Senin 24 Nov 2014 11:02 WIB

Hak Jawab Arwani Faishal Terkait Berita Fatwa Haram Rokok Tendensius

Petugas supermarket menunjukan sejumlah rokok yang sudah dilengkapi peringatan bergambar akan bahaya merokok di Jakarta, Senin (23/6).
Foto: Republika/Prayogi
Petugas supermarket menunjukan sejumlah rokok yang sudah dilengkapi peringatan bergambar akan bahaya merokok di Jakarta, Senin (23/6).

REPUBLIKA.CO.ID,  JAKARTA -- Anggota Komisi Fatwa MUI Pusat, Arwani Faishal mengklarifikasi pernyataan yang diberitakan Republika Online (ROL), Selasa (16/10) yang berjudul 'PBNU Nilai Fatwa Haram Rokok Tendensius'.

Berikut hak jawab dan klarifikasi dari Arwani Faishal:

Petama: Saya bukan staf Dewan Halal PBNU. Tetapi, saya adalah Anggota Komisi Fatwa MUI Pusat, Wakil Ketua Lembaga Bahtsul Masail PBNU, Anggota Team Kaderisai PBNU, dan Koordinator II Dewan Tahqiq (verifikasi dan investigasi/audit) Badan Halal PBNU.

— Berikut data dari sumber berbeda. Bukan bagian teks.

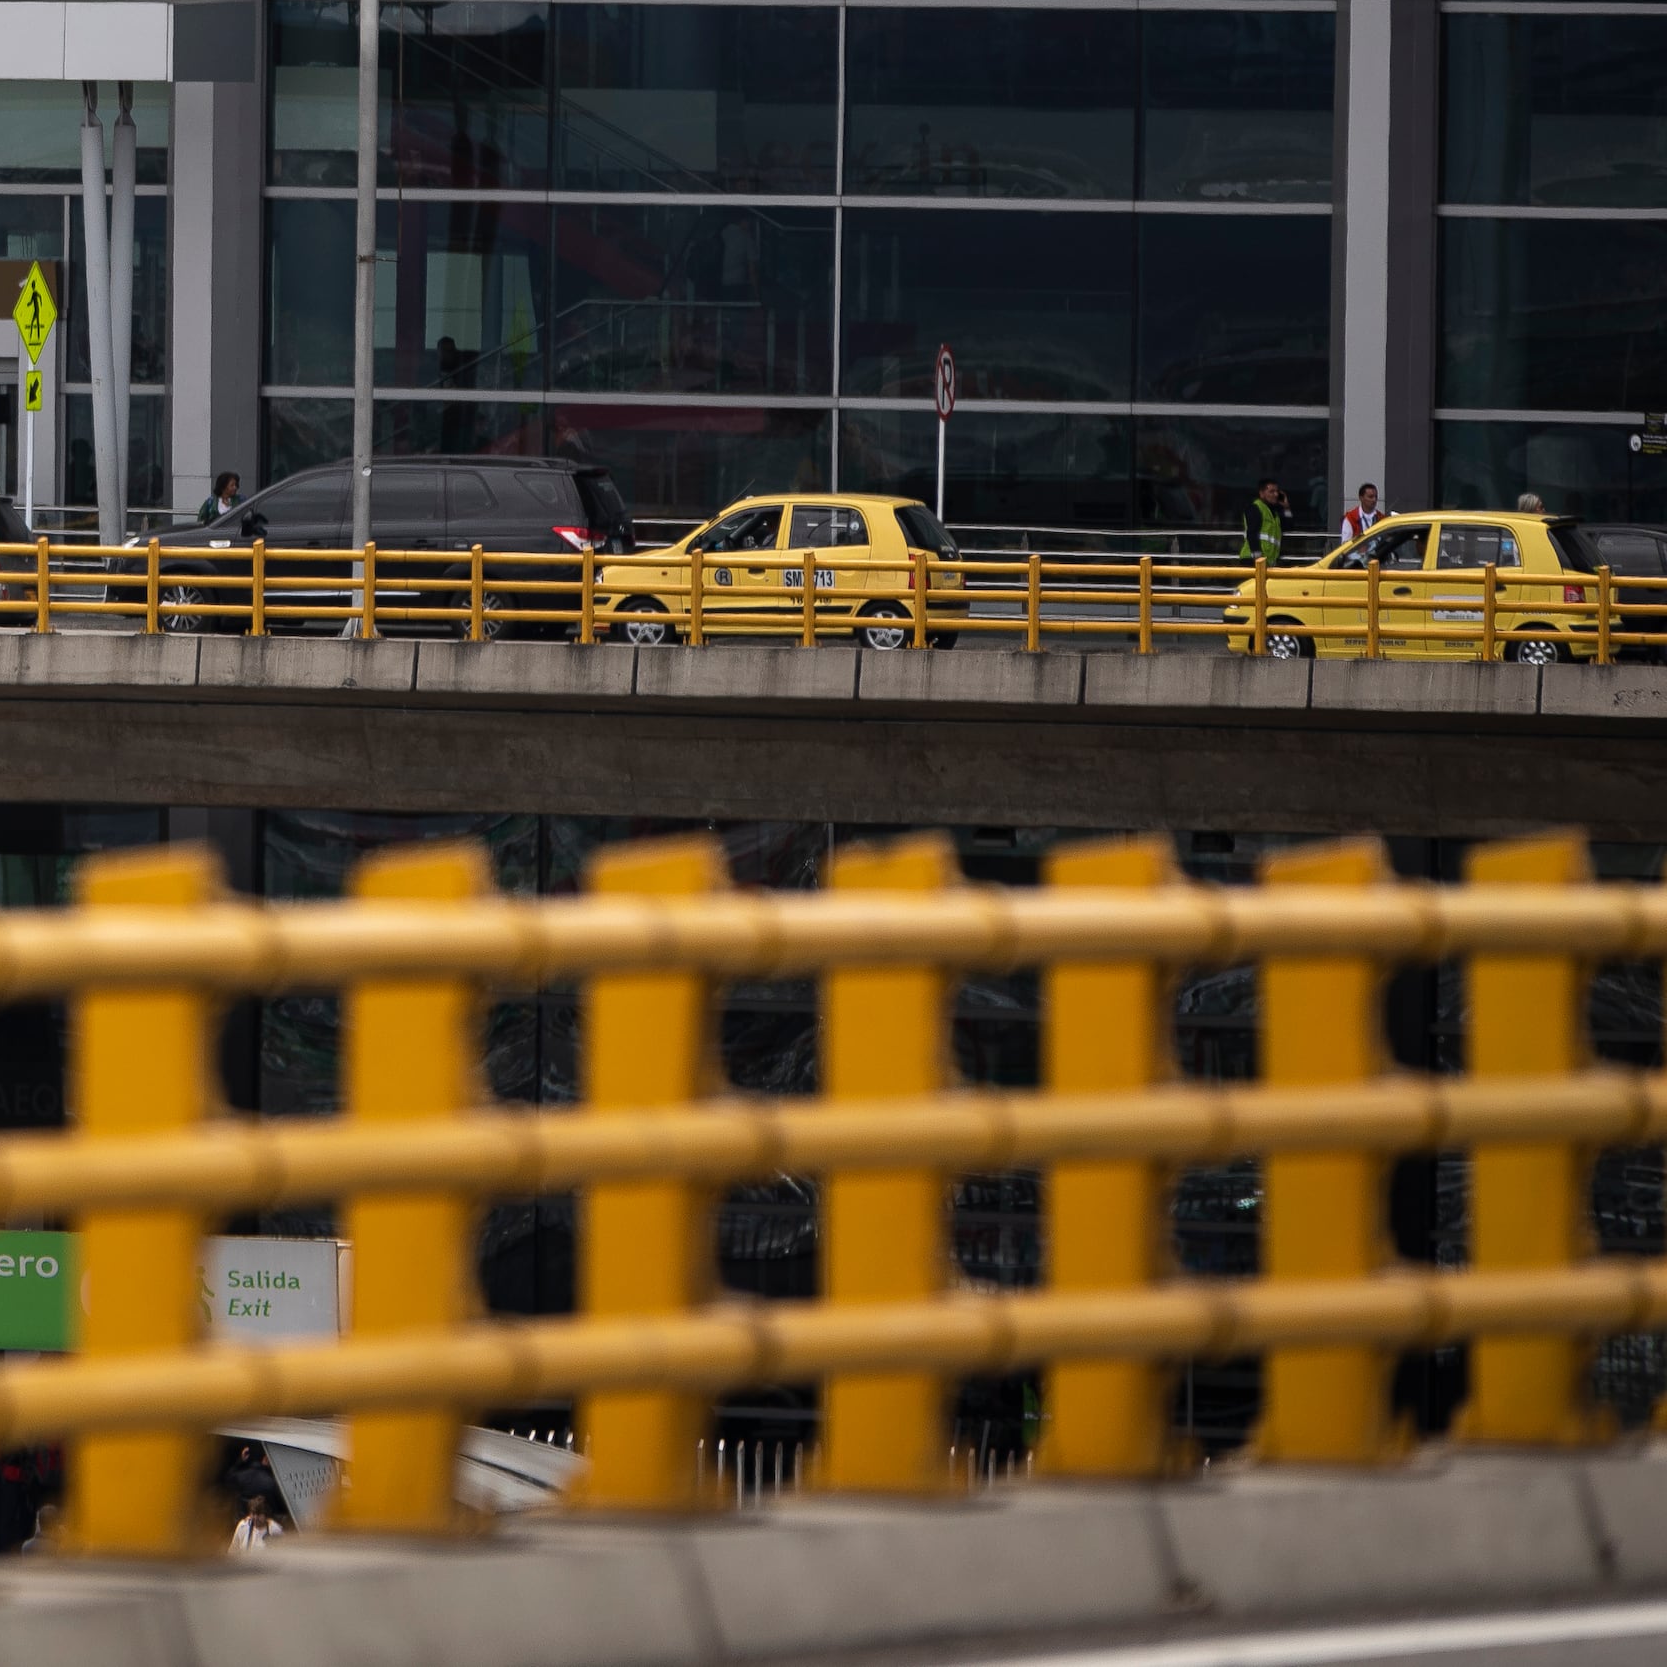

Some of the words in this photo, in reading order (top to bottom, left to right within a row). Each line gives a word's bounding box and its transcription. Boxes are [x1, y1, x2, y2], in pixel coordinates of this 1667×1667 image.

Kedua: Kapan pun saya tidak pernah kontra terhadap fatwa MUI yang mengharamkan merokok dalam kondisi tertentu, seperti di tempat umum, oleh anak-anak, dan wanita hamil. Tetapi saya sepaham dan menerima fatwa tersebut karena selaras dengan illah al-hukm (reason of law) yaitu berbahaya bagi orang lain dan/atau diri sendiri. Saya tidak pernah pula menduga negatif fatwa tersebut, tetapi saya yakin tidak ada sedikit pun motif untuk membunuh kelangsungan petani tembakau. Hal serupa juga menjadi kesepakatan pada acara bahtsul masail oleh Lembaga Bahtsul Masail PBNU bahwa hukum merokok haram bagi orang tertentu, seperti penderita jantung, paru-paru, vertigp dan sebagainya. Dalam hal ini, tidak ada kontroversi antara MUI dan NU.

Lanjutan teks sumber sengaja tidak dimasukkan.